Skip to content
Threat Feed
high advisory

Tesla Elixir HTTP Client Header Leak via Case-Sensitive Redirect Filtering (CVE-2026-48595)

A vulnerability in the `Tesla.Middleware.FollowRedirects` component of the `tesla` Elixir HTTP client library allows `Authorization` headers to be leaked during cross-origin redirects due to a case-sensitive comparison, enabling an attacker controlling a redirect destination to receive bearer tokens or other credentials from applications using `tesla` versions 0.6.0 through 1.18.2.

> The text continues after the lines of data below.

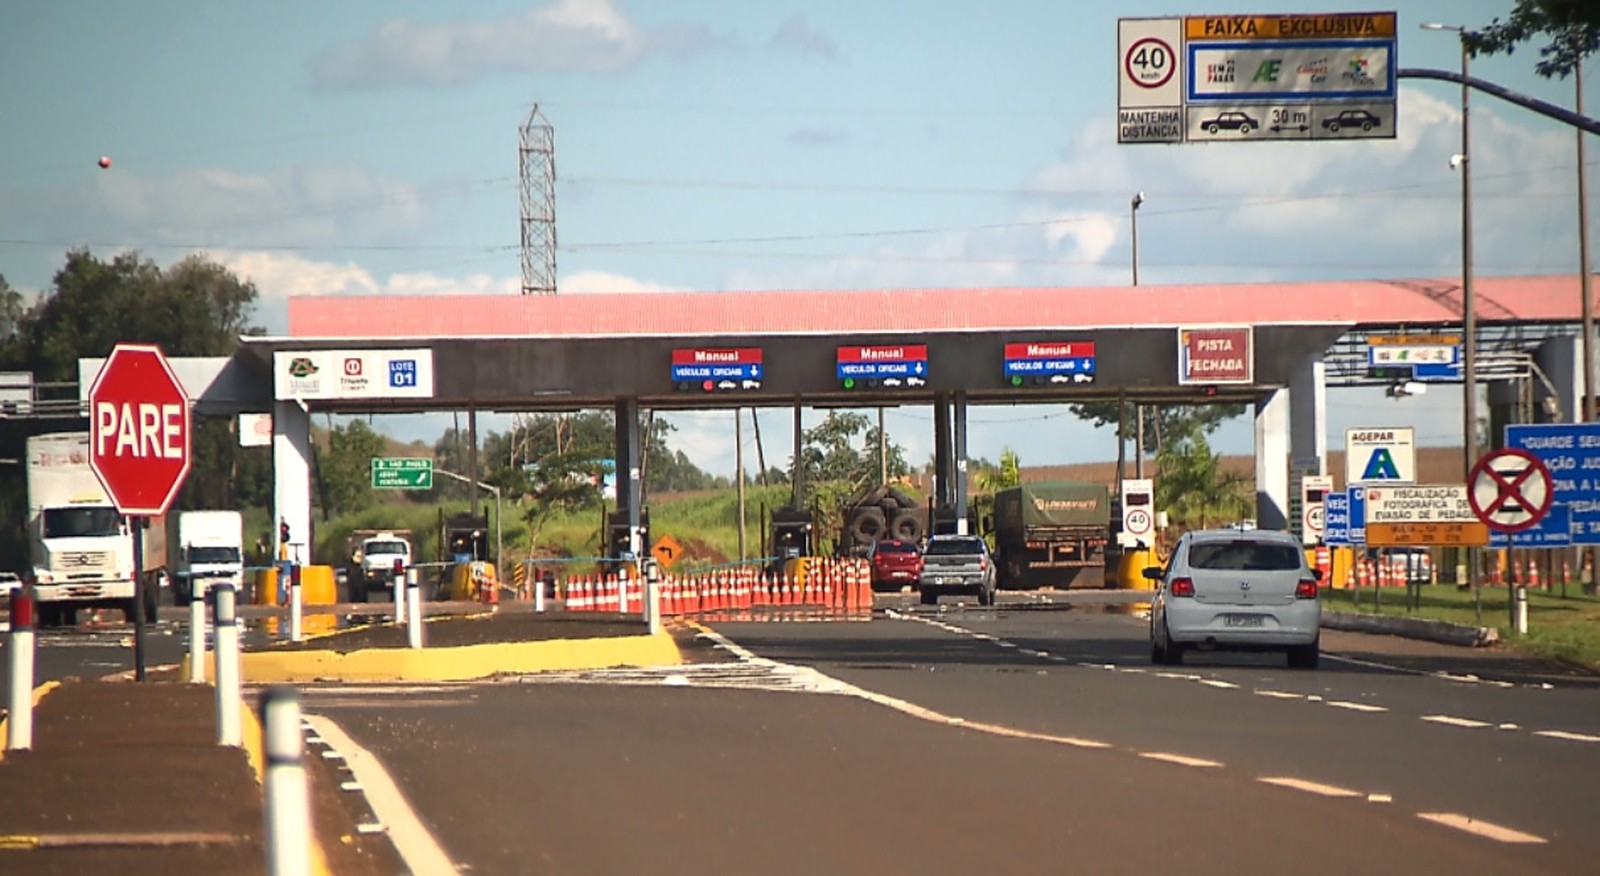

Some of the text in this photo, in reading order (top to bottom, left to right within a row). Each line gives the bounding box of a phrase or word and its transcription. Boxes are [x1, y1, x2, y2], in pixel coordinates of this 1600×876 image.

[1204, 17, 1375, 35] FAIXA EXCLUSIVA
[1132, 47, 1166, 69] 40
[1120, 111, 1180, 124] MANTENHA
[1271, 109, 1307, 124] 30 m
[1027, 344, 1072, 356] Manual
[1198, 339, 1233, 351] PISTA
[694, 350, 739, 361] Manual
[861, 347, 904, 359] Manual
[390, 361, 414, 371] LOTE
[1190, 359, 1244, 371] FECHADA
[394, 372, 413, 384] 01
[97, 402, 183, 459] PARE
[1351, 431, 1394, 441] AGEPAR
[1393, 488, 1460, 499] FISCALIZAÇÃO
[1327, 498, 1347, 509] VEÍC
[1131, 515, 1146, 524] 40
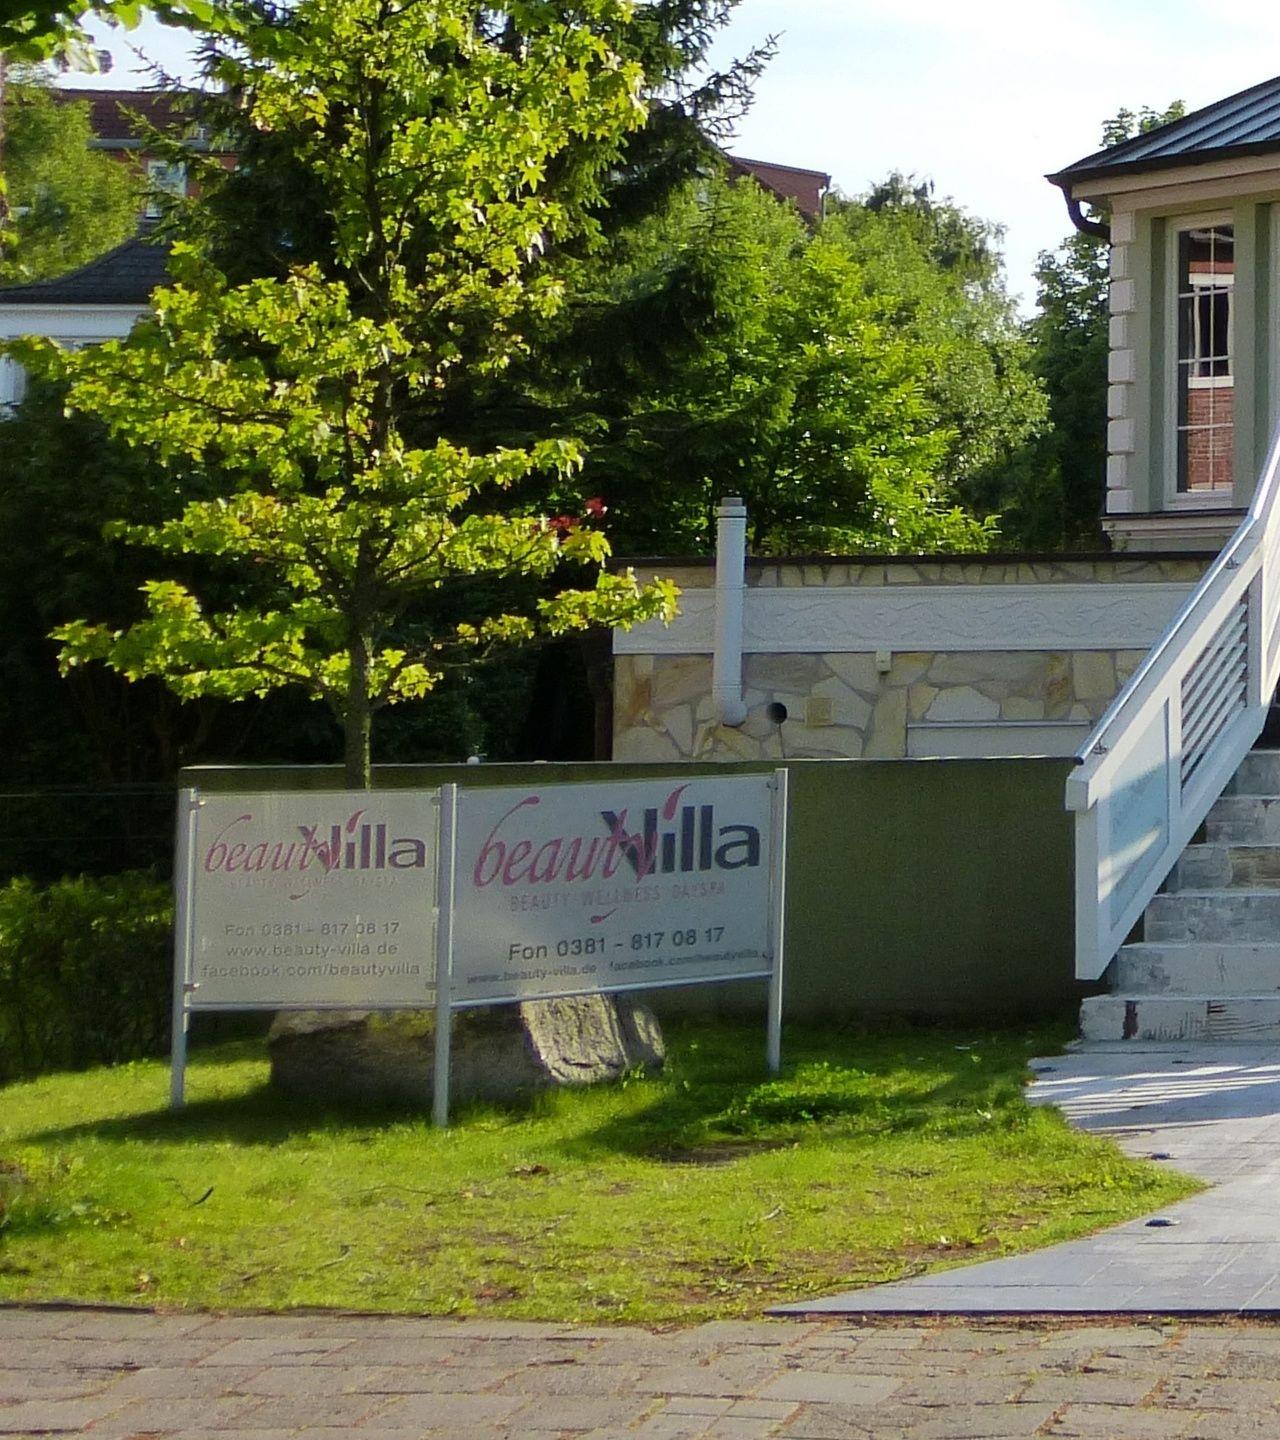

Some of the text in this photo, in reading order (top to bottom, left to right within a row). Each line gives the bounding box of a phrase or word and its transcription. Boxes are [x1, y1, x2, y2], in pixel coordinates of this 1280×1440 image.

[224, 923, 255, 937] Fon
[261, 923, 300, 937] 0381
[320, 922, 349, 936] 817
[356, 922, 377, 935] 08
[383, 921, 400, 935] 17
[508, 943, 548, 961] Fon
[556, 937, 606, 957] 0381
[630, 931, 665, 950] 817
[672, 929, 698, 947] 08
[704, 926, 725, 944] 17
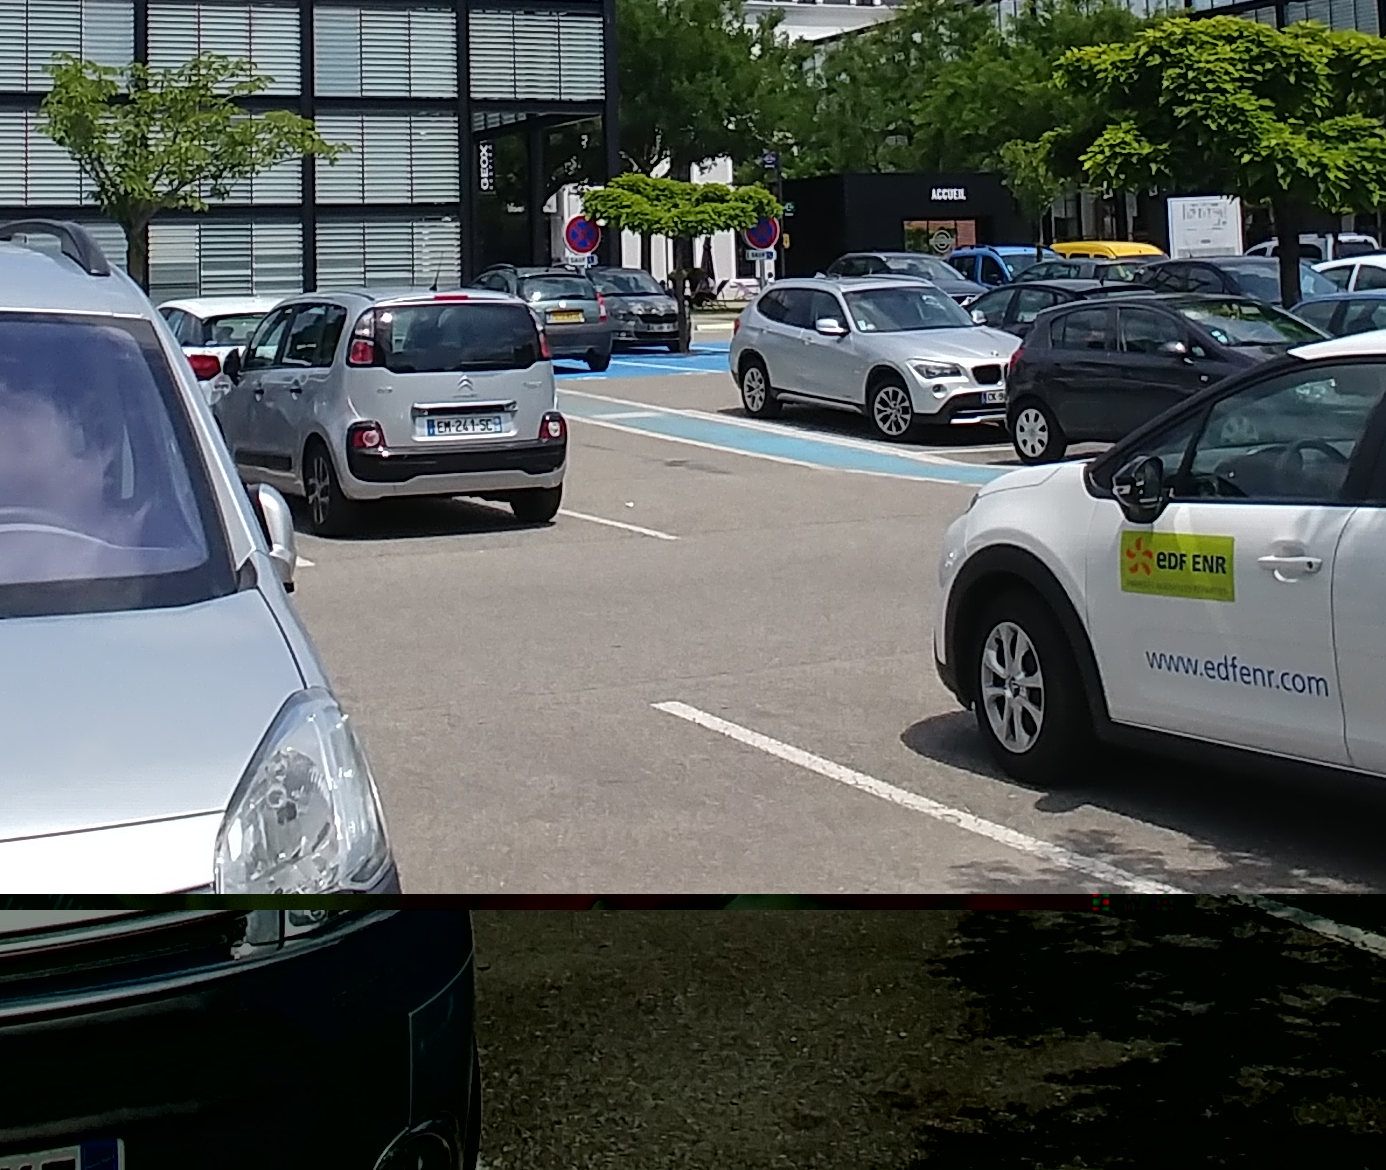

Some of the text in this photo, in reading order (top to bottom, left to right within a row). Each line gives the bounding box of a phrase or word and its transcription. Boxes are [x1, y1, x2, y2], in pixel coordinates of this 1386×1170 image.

[479, 144, 489, 190] GEOX
[931, 188, 966, 201] ACCUEIL
[1191, 553, 1227, 575] ENR
[1145, 650, 1330, 698] www.edfenr.com
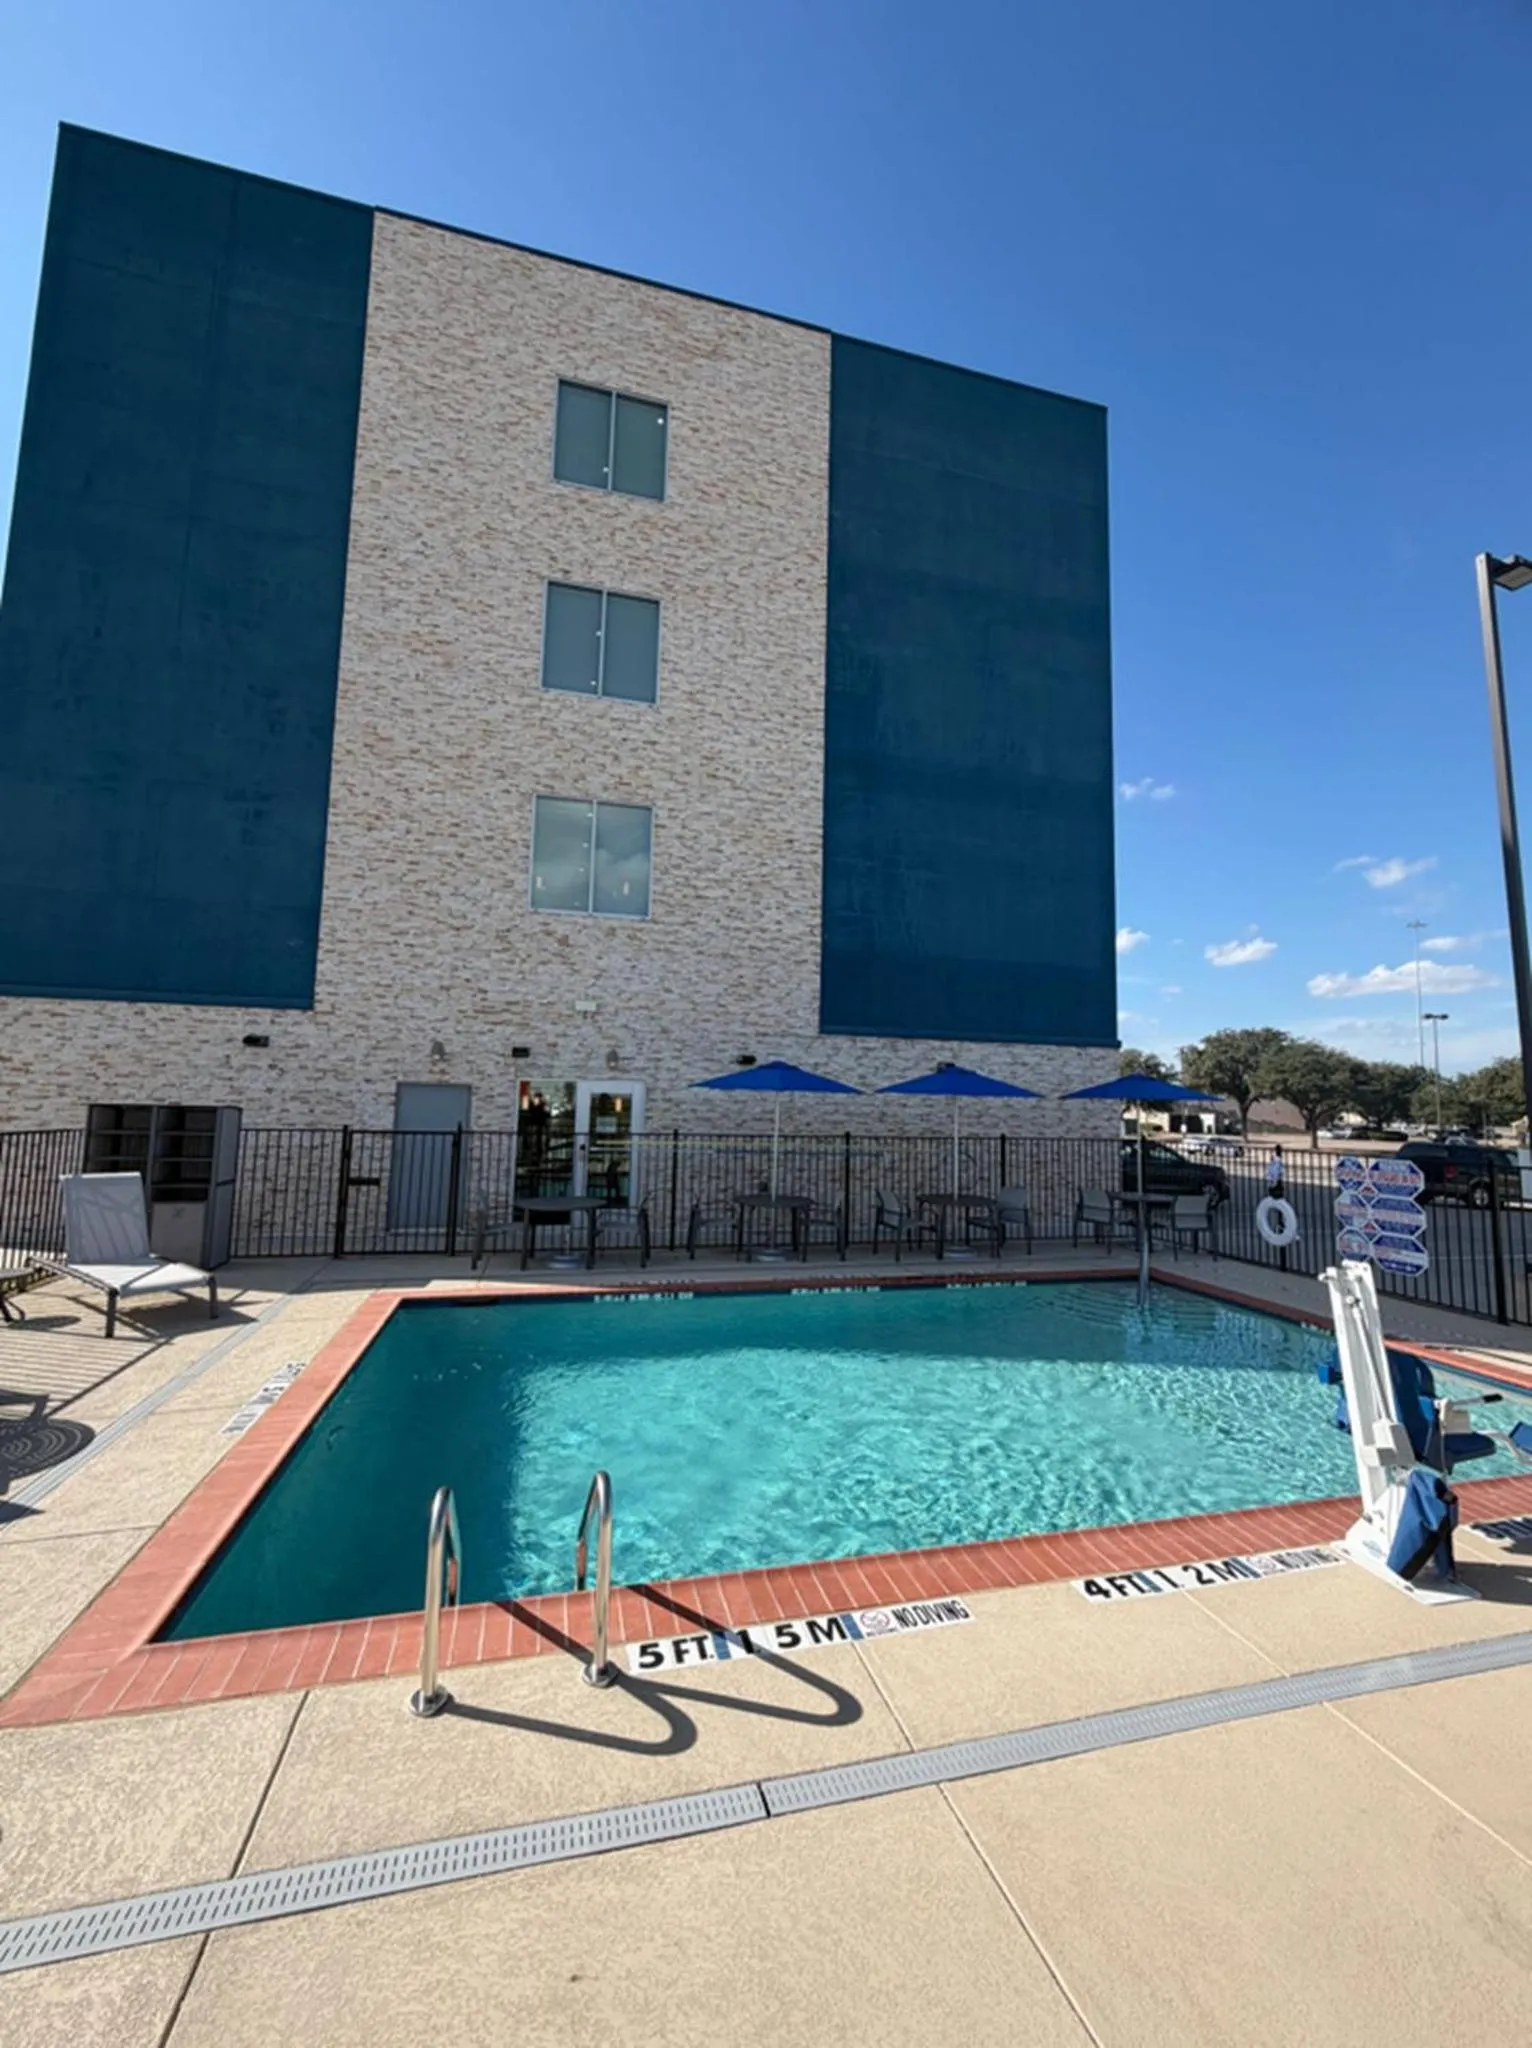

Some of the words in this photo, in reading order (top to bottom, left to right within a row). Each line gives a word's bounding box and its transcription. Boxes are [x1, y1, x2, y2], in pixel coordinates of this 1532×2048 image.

A high-severity vulnerability, CVE-2026-48595, has been identified in the tesla Elixir HTTP client library, specifically within its Tesla.Middleware.FollowRedirects component. This flaw impacts versions 0.6.0 up to, but not including, 1.18.3. The middleware is designed to strip sensitive Authorization headers when following cross-origin redirects to prevent credential leakage. However, its internal filter performs a case-sensitive comparison against a lowercase string "authorization". Because tesla preserves header keys exactly as supplied, applications using the RFC 7235 canonical casing ("Authorization") bypass this filter entirely. Consequently, if an application sends a request with an Authorization header using canonical casing and is redirected to an attacker-controlled origin, sensitive credentials like bearer tokens can be inadvertently leaked to the attacker. This poses a significant risk to applications relying on tesla for secure HTTP communications.

Attack Chain

  1. An attacker establishes control over a web server or service capable of issuing HTTP 302 redirects to an arbitrary, attacker-controlled domain (e.g., a malicious server, a redirect-open service, or a compromised upstream server).
  2. A victim application, using the tesla Elixir HTTP client library (version 0.6.0 through 1.18.2) with Tesla.Middleware.FollowRedirects enabled, constructs an outbound HTTP request.
  3. The victim application includes an Authorization header with canonical casing (e.g., {"Authorization", "Bearer <token>"}) for authentication in its request.
  4. The victim application sends its request to an endpoint, which the attacker can influence to issue an HTTP 302 (or similar redirect status code) pointing to the attacker-controlled domain.
  5. The Tesla.Middleware.FollowRedirects component within the victim application attempts to filter sensitive headers before automatically following the redirect.
  6. Due to a case-sensitive comparison logic ("authorization" vs. "Authorization"), the middleware fails to identify and strip the canonical Authorization header from the outgoing request.
  7. The tesla client follows the redirect and inadvertently includes the sensitive Authorization header, complete with its bearer token or other credentials, in the request to the attacker-controlled domain, leading to credential theft.

Impact

The vulnerability carries a high severity (CVSS v4.0: 8.2). Any application utilizing tesla versions 0.6.0 through 1.18.2 with Tesla.Middleware.FollowRedirects and supplying non-lowercase Authorization headers is at risk. Successful exploitation results in the leakage of sensitive credentials, such as bearer tokens, to an attacker-controlled endpoint. This can lead to unauthorized access to systems or data, session hijacking, and further compromise of the victim's environment, directly impacting the confidentiality and integrity of affected applications and their users.

Recommendation

  • Prioritize upgrading the tesla Elixir HTTP client library to version 1.18.3 or later immediately to remediate CVE-2026-48595.
  • If immediate patching is not possible, implement the recommended workaround by normalizing all Authorization header keys to lowercase (e.g., "authorization") before passing them to tesla via Tesla.put_header/3 or Tesla.Middleware.Headers.
  • Review application code for the usage of Tesla.Middleware.FollowRedirects and how Authorization headers are set to identify potentially vulnerable instances.